The second argument of the Sunday Times, regarding the financial threat to newspapers, is based upon the indisputable fact that the press in this country faces an existential threat if it fails to curb declining profits. This was traditionally the News of the World’s justification for its celebrity exposés: that those stories paid for the real investigative journalism into crime and corruption. No lesser legal authority than Lord Woolf gave credence to this concept commenting, as he did in the Gary Flitcroft case, that the broader public interest in a surviving viable press is served by the commercial considerations of publishing what the public want to read, base as that may be. This of course is very dangerous rationale indeed, circumventing as it does the small matter of right and wrong. There are many examples of things – phone hacking for one – that could help the circulation or profit of newspapers but are jettisoned in the knowledge that considerations of fairness and justice are more important than profit.

Thus we arrive at the crux of the issue and that is the question of whether The Sun and its tabloid brethren really base their editorial decisions upon notions of public interest, informed debate, and vibrant democracy or upon the principle of profit. The somewhat strained arguments given by News Corp acolytes in defence of the recent photo publication indicate that commercial considerations are merely being covered with the fig-leaf of civic justification. What do those pictures of Harry, and in the more extreme case Kate, along with numerous other celebrity stories actually add to the national or collective understanding and discourse? Is the public interest limited to information that affects us politically and socially or do we extend it down to the prurient details of sex and scandal?
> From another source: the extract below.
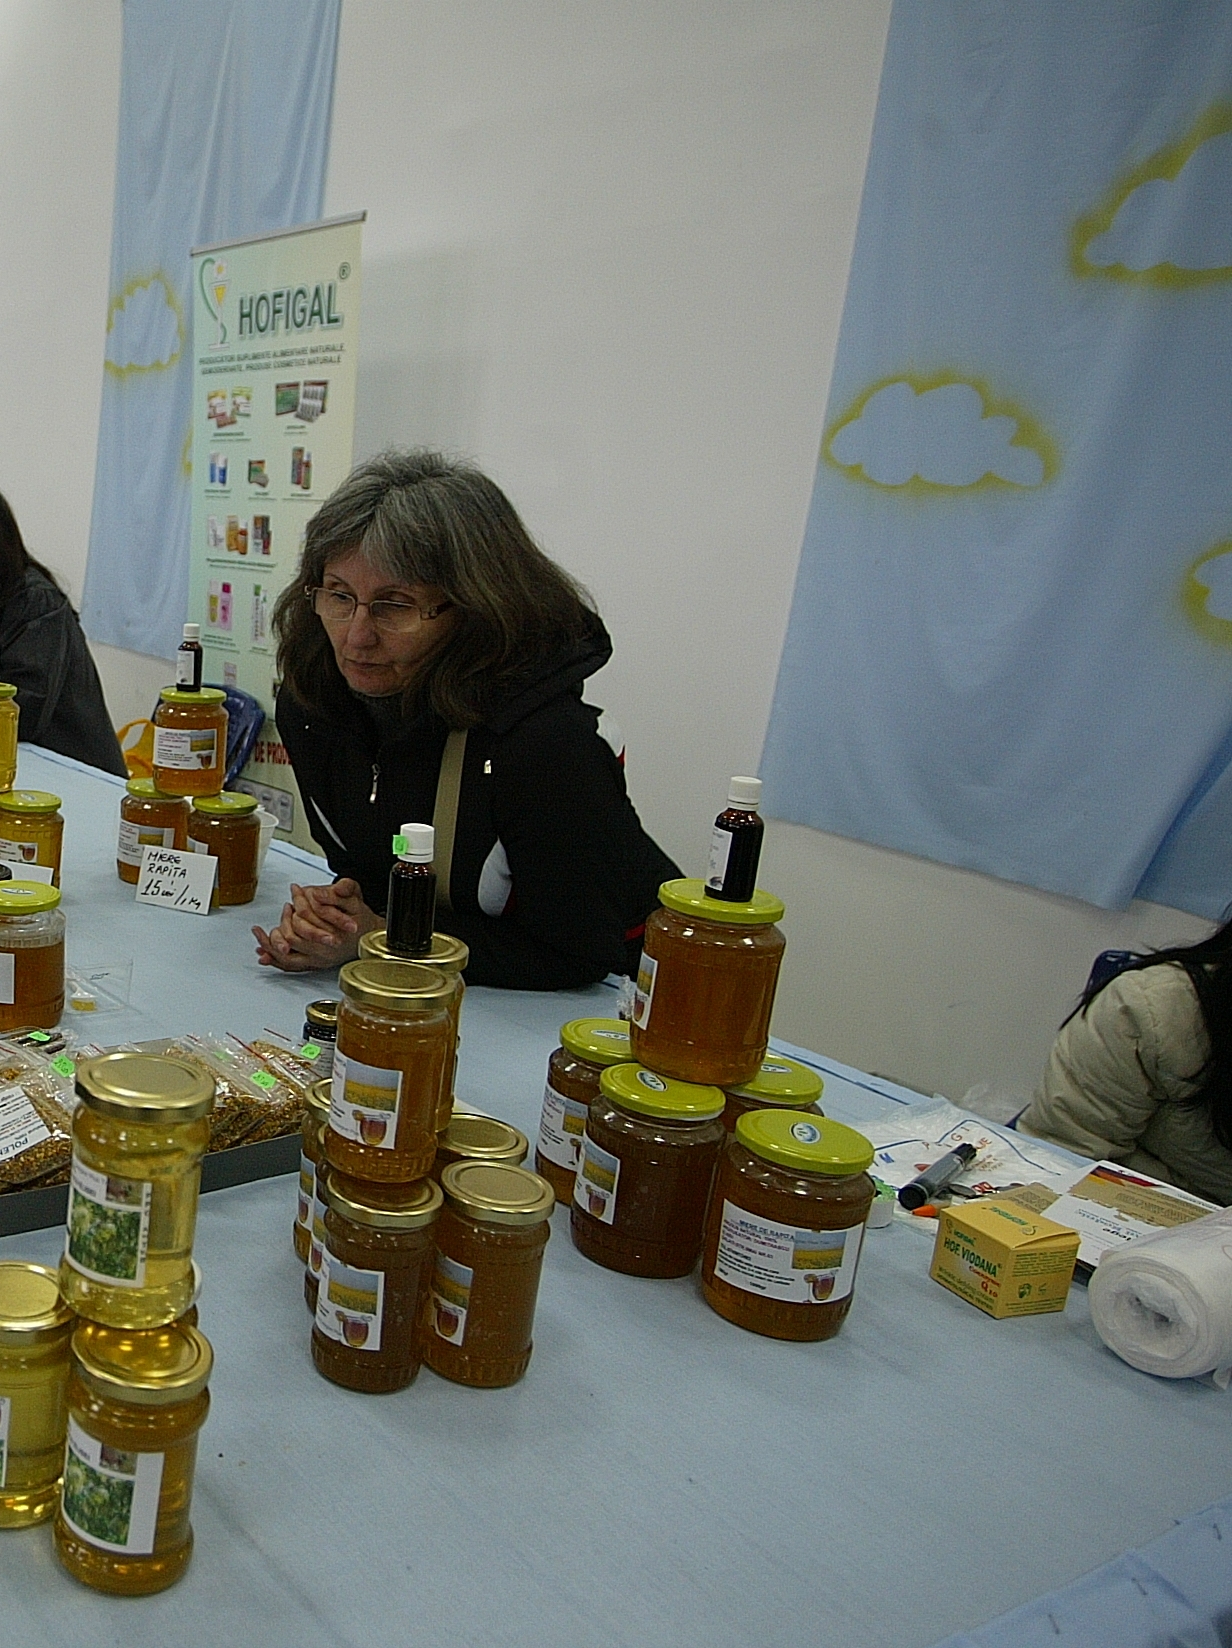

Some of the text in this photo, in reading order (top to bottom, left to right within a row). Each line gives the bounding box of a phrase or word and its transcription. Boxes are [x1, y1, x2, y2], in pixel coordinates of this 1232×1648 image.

[239, 283, 341, 335] HOFIGAL
[147, 863, 187, 878] RAPITA
[140, 878, 162, 896] 15
[962, 1246, 998, 1278] VIODANA
Paul McMullan one of the first journalists to speak openly about the NOTW phone-hacking culture honestly if somewhat cynically swims against the prevalent tide in legal and media spheres which says the public interest is above and apart from that which the public is merely interested in. McMullen argues that if people are willing to pay for a story then that is the only barometer necessary to gauge justification. This is a minority view, at least when expressed publically, but one suspects that this is the real motivation for much of what makes up this countries tabloid fodder.

The immediate example of Closer France is a case in point. It has been pointed out that the criminal and civil penalties likely to be levied against the magazine are small compared to the boost in recognition and circulation it will receive. This cynical calculation is said to be the tip of a wider tabloid campaign to erode French privacy standards and increase commercial potential. The French law could be subject, ironically enough, to a privacy challenge in Strasbourg if their law is failing to protect Article 8 rights unable as it seems to deter breaches by the press. This raises the further question, for another day, of how far can and should the law try to alter press behaviour through punitive damages. After all significant costs and damages awards to the likes of Max Mosley have so far not impacted greatly upon celebrity press stories in the UK.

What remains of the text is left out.